Filière anacarde en Côte d’Ivoire : vers un tournant historique grâce à la finance carbone
La filière anacarde ivoirienne s’apprête à franchir une
nouvelle étape décisive dans sa quête de performance et de durabilité. Réunis
lors d’un atelier de restitution stratégique, ce 24 juin 2026, le Conseil
Coton, Anacarde Karité (CCAK) et la Banque mondiale ont dévoilé les conclusions
d’une étude prometteuse : la valorisation du potentiel carbone du cajou, une
opportunité inédite pour booster la compétitivité du secteur et accroître les
revenus des producteurs.
C’est une dynamique audacieuse que le Conseil Coton Anacarde Karité (CCAK) insuffle à la filière. Fort de performances
impressionnantes en 2025 — avec une production dépassant 1,5 million de tonnes
de noix brutes et une montée en puissance de la transformation locale (43% soit
659 000 tonnes) — le secteur ne compte pas s’arrêter en si bon chemin.
L’objectif désormais est de conjuguer croissance économique et résilience
climatique.
L’innovation comme moteur de croissance
Pour Mamadou Berté, Directeur Général du CCAK, le constat
est clair : malgré les succès, la filière doit impérativement relever les défis
de la préservation des ressources naturelles et de la sécurisation des revenus
des producteurs face au changement climatique.
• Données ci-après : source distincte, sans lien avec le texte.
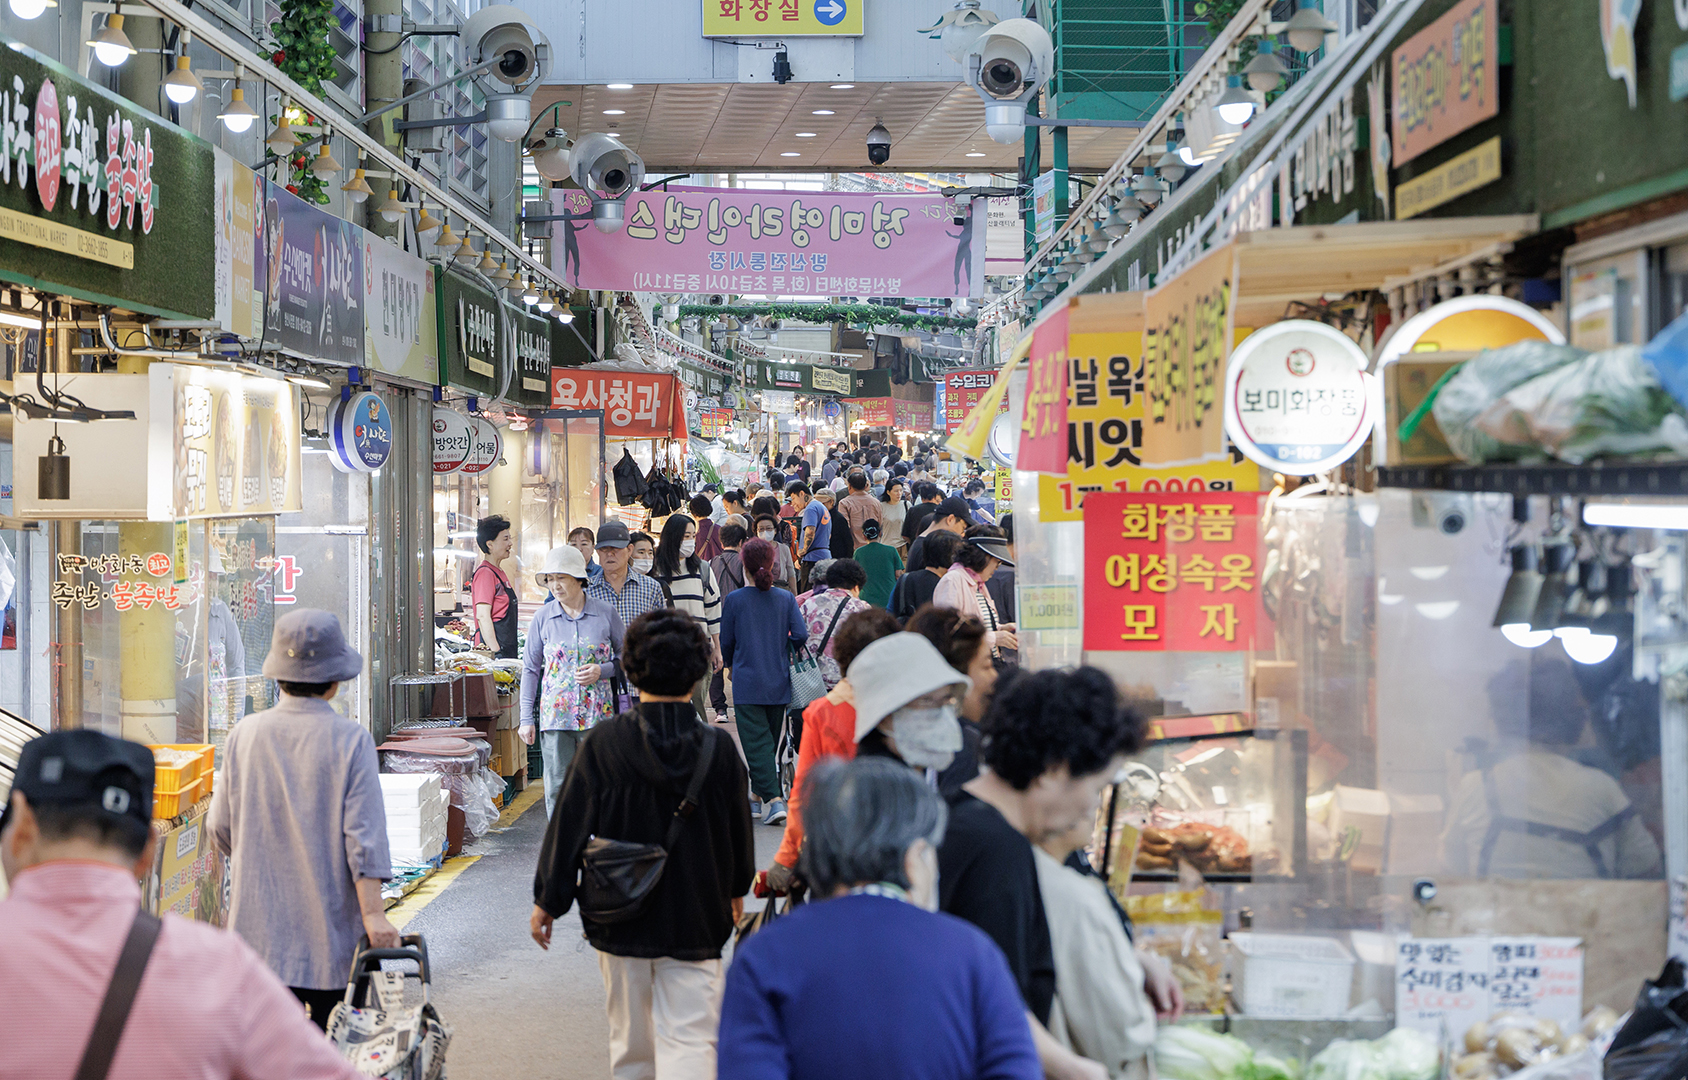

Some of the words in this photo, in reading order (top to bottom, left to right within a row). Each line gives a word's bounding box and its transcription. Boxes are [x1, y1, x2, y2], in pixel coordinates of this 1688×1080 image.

[719, 0, 800, 22] 화장실
[64, 95, 100, 216] 족발
[105, 109, 154, 235] 불족발
[50, 229, 68, 247] MARKET
[1067, 358, 1098, 407] 날
[553, 377, 661, 427] 용산청과
[1242, 389, 1357, 416] 보미화장품
[433, 436, 468, 451] 방앗간
[473, 442, 496, 455] 어물
[1278, 446, 1322, 460] D-102
[1121, 502, 1236, 542] 화장품
[90, 553, 144, 574] 방화동
[150, 559, 169, 571] 최고
[1105, 553, 1255, 593] 여성속옷
« Le développement de l’agroforesterie et la valorisation du
carbone séquestré offrent de nouvelles opportunités de financement pour notre
filière », a-t-il affirmé.
Pour concrétiser cette ambition, le Conseil a défini cinq
axes majeurs, incluant la gestion durable des déchets et la promotion des
énergies renouvelables. À ce titre, la construction du Centre de Valorisation
des Coques (CVC) à Yamoussoukro, soutenu par la Banque mondiale, fait figure de
proue de cette stratégie d'économie circulaire.
La Banque mondiale confirme son soutien à une agriculture «
verte »
Partenaire historique du secteur, la Banque mondiale
réaffirme son engagement à travers le financement de cette étude, réalisée via
le fonds Compact with Africa Green Fund. Son représentant a souligné que le
potentiel environnemental de l’anacarde reste, pour l'heure, sous-exploité.
Le point d'orgue de cette collaboration réside dans le
développement du biochar issu des coques de cajou. « C’est une solution à
double impact : elle transforme un sous-produit en ressource à haute valeur
ajoutée tout en améliorant durablement la fertilité des sols agricoles », a
précisé le représentant de l’institution financière.
Une vision partagée pour un avenir durable
L’atelier de restitution a rassemblé une vaste coalition
d’acteurs : représentants du ministère de l’Environnement, du FIRCA (structure
nationale accréditée pour la finance carbone), du Bureau des Marchés Carbone,
et des organisations interprofessionnelles (INTERCOTON, OIA-Anacarde, etc.).
Cette synergie d’acteurs vise un objectif précis , celui de
transformer des analyses techniques en projets opérationnels concrets. En
mobilisant les crédits carbone, la Côte d’Ivoire entend non seulement renforcer
la compétitivité de sa transformation locale, mais aussi affirmer son statut de
leader mondial du cajou tout en devenant une référence en matière de
développement durable en Afrique.
« C'est en conjuguant nos efforts que nous bâtirons des
filières agricoles capables de garantir des revenus décents aux producteurs et
de contribuer durablement au développement de notre pays », a conclu M. Berté,
ouvrant ainsi la voie à une nouvelle ère pour l’or gris ivoirien.